Problem description:
Quote the records in full and leave their pictures out.

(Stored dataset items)
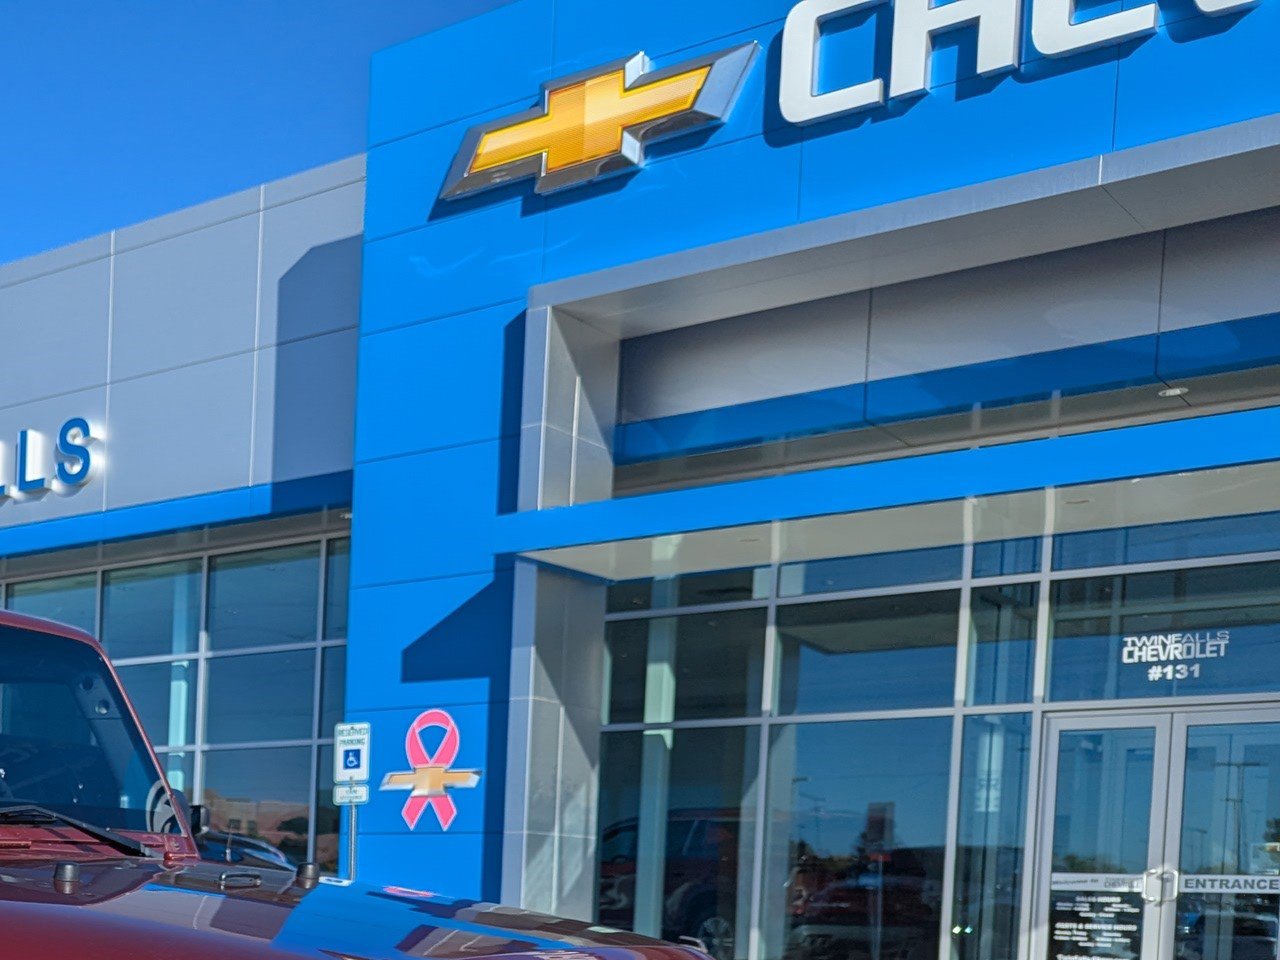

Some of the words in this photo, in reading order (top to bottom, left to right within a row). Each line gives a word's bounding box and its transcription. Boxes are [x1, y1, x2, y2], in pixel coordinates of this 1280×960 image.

[778, 0, 1262, 124] CH
[1122, 641, 1229, 664] CHEVROLET
[1147, 663, 1201, 681] #131
[1184, 878, 1280, 891] ENTRANCE
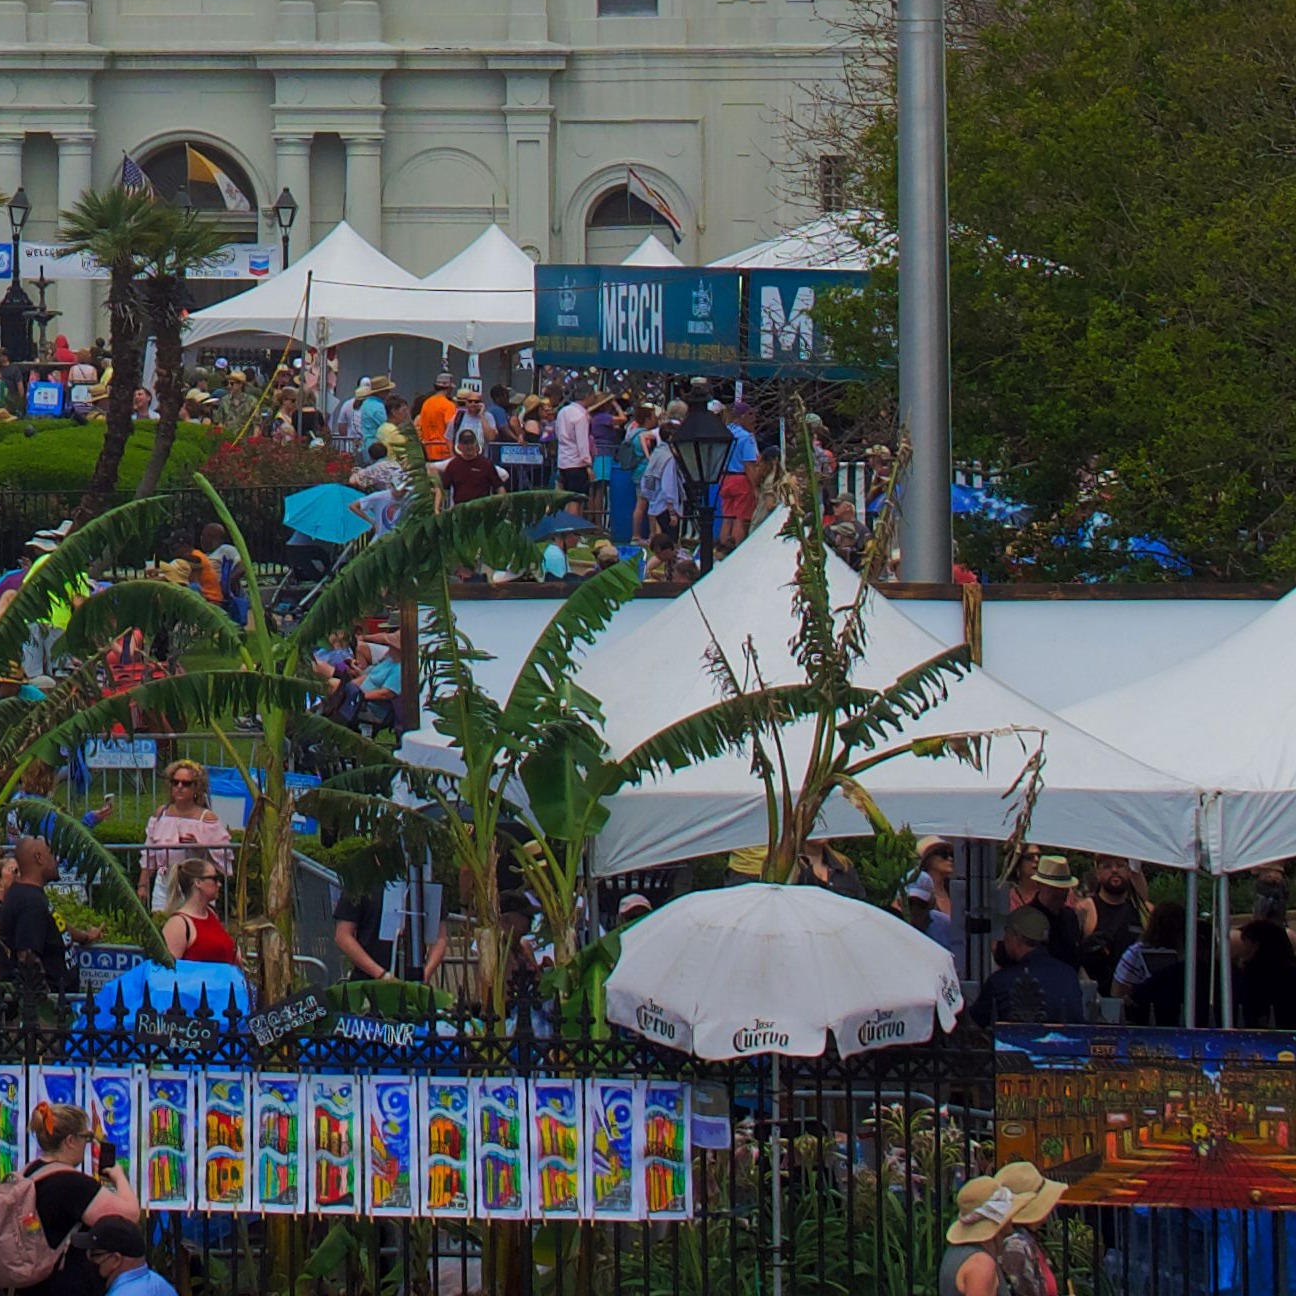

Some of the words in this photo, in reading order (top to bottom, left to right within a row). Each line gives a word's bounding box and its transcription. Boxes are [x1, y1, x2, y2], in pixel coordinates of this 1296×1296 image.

[25, 248, 60, 258] WELCO
[602, 282, 664, 355] MERCH
[733, 1027, 789, 1053] Cuervo
[857, 1018, 905, 1047] Cuervo

Task solution:
Some of the words in this photo, in reading order (top to bottom, left to right within a row). Each line gives a word's bounding box and its transcription. Boxes are [x1, y1, x2, y2], in pixel coordinates of this 1280×960 image.

[778, 0, 1262, 124] CH
[1122, 641, 1229, 664] CHEVROLET
[1147, 663, 1201, 681] #131
[1184, 878, 1280, 891] ENTRANCE

Some of the words in this photo, in reading order (top to bottom, left to right within a row). Each line gives a word's bounding box and its transcription. Boxes are [x1, y1, x2, y2], in pixel coordinates of this 1296×1296 image.

[25, 248, 60, 258] WELCO
[602, 282, 664, 355] MERCH
[733, 1027, 789, 1053] Cuervo
[857, 1018, 905, 1047] Cuervo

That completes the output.